_Action item_.
Copy out, exactly and with nothing else, the stretch of lines that starts at the line containing "this 1536×1728 image." and finishes at the end of the data.

_Input data_.

►

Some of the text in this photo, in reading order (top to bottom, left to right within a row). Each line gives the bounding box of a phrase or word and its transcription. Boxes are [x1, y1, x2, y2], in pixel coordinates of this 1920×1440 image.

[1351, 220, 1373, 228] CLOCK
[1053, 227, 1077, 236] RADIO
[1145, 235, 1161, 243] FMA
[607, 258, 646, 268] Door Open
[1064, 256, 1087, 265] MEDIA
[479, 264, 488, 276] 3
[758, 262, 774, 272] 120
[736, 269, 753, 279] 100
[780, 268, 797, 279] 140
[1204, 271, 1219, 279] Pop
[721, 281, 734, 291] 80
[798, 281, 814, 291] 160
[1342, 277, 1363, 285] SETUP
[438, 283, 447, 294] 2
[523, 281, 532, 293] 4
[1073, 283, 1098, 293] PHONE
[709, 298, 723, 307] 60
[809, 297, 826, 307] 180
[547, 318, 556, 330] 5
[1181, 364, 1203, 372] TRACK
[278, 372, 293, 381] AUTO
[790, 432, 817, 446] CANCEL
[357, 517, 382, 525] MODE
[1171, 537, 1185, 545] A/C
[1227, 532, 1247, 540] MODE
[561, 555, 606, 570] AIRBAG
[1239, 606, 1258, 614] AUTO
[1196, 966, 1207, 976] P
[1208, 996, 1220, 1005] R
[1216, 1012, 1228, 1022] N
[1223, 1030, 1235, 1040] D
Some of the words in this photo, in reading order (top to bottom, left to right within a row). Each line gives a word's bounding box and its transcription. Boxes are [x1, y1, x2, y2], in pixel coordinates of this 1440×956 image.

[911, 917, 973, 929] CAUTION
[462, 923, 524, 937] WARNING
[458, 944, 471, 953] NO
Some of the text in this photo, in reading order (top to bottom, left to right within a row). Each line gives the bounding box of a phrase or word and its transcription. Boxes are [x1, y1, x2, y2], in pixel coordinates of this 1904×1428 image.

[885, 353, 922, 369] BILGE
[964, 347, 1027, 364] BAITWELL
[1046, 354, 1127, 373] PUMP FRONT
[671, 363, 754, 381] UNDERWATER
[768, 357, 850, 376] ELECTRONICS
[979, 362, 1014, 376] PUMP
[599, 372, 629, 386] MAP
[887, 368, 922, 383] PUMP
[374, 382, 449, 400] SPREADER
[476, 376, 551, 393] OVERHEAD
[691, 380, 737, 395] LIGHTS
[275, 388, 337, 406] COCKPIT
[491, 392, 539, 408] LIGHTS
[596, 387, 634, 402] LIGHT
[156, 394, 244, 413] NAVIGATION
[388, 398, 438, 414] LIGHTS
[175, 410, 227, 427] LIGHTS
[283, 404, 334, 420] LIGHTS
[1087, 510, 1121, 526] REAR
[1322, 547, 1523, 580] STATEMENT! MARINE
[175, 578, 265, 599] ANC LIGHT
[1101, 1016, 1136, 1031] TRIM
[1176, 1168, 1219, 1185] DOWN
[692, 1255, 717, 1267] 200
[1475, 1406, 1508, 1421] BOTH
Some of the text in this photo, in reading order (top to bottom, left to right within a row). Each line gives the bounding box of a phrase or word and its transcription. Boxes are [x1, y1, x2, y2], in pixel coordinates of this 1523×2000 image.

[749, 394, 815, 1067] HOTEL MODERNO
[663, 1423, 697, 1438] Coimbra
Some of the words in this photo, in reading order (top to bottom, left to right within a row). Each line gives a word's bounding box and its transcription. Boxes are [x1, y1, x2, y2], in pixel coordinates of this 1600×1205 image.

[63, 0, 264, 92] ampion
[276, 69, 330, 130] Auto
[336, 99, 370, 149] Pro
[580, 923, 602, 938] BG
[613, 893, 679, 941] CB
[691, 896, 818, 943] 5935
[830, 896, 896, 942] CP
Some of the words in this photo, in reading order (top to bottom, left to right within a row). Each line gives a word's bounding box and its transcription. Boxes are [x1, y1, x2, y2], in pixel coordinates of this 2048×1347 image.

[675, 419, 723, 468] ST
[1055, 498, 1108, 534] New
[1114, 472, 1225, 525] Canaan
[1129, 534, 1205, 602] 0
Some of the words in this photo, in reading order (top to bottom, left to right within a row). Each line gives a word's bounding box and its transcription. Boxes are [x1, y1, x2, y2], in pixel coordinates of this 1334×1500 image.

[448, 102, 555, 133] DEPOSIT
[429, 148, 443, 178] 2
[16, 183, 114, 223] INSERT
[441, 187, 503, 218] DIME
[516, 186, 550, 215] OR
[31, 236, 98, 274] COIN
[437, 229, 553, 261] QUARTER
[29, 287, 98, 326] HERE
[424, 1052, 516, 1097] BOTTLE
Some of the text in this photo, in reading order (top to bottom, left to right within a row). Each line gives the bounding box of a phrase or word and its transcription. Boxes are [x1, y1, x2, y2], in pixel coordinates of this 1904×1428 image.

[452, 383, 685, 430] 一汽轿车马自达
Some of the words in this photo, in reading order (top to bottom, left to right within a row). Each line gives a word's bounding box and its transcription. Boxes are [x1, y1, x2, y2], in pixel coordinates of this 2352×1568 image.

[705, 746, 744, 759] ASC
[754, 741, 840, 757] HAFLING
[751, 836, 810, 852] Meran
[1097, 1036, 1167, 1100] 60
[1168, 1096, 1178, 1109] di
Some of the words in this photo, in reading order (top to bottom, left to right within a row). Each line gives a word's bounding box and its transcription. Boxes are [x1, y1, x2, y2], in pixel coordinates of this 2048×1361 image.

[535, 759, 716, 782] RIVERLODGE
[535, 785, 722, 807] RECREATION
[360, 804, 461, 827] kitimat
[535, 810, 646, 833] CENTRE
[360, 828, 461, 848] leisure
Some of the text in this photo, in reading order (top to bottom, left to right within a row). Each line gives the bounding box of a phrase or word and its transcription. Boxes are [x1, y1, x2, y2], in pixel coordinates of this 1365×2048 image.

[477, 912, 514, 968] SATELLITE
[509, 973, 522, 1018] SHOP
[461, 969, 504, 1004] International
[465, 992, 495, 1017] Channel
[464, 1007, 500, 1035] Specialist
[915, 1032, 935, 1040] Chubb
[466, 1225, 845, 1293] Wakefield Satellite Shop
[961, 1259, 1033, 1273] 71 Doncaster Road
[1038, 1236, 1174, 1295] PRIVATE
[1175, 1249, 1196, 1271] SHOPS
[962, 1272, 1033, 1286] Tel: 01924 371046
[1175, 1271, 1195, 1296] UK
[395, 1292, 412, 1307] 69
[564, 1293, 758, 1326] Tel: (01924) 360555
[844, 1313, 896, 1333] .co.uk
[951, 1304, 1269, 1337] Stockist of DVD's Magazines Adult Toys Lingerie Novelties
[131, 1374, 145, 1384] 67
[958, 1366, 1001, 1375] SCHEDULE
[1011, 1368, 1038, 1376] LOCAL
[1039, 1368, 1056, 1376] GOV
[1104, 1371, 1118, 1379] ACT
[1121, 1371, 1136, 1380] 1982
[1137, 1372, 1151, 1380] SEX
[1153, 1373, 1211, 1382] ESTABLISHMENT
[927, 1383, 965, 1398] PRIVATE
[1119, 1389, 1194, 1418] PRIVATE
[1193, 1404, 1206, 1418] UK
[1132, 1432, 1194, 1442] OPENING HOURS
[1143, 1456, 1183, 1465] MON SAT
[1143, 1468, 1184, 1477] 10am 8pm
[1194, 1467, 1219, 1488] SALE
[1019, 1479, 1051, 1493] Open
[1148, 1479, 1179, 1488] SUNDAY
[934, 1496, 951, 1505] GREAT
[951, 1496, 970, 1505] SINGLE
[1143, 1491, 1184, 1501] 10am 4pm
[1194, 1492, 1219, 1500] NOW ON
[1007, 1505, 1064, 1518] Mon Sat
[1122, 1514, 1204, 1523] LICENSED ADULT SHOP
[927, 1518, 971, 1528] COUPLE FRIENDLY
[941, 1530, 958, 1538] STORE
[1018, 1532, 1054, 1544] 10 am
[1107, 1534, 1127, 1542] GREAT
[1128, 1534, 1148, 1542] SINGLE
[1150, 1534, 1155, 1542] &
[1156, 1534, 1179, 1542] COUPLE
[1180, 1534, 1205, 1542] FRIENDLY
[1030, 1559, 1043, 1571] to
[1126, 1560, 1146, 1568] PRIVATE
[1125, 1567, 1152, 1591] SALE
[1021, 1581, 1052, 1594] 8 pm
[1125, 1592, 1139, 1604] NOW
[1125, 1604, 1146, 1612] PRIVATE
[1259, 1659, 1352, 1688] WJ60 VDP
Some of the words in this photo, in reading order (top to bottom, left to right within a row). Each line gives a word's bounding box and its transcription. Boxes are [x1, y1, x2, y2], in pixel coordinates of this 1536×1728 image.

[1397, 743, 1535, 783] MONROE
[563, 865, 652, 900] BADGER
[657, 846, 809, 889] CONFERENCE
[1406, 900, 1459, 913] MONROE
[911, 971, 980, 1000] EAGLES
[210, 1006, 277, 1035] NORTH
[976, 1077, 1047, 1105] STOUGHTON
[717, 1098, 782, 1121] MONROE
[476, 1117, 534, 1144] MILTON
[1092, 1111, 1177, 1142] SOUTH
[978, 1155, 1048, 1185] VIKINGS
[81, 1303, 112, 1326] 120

◄

_Answer section_.
Some of the words in this photo, in reading order (top to bottom, left to right within a row). Each line gives a word's bounding box and its transcription. Boxes are [x1, y1, x2, y2], in pixel coordinates of this 1536×1728 image.

[1397, 743, 1535, 783] MONROE
[563, 865, 652, 900] BADGER
[657, 846, 809, 889] CONFERENCE
[1406, 900, 1459, 913] MONROE
[911, 971, 980, 1000] EAGLES
[210, 1006, 277, 1035] NORTH
[976, 1077, 1047, 1105] STOUGHTON
[717, 1098, 782, 1121] MONROE
[476, 1117, 534, 1144] MILTON
[1092, 1111, 1177, 1142] SOUTH
[978, 1155, 1048, 1185] VIKINGS
[81, 1303, 112, 1326] 120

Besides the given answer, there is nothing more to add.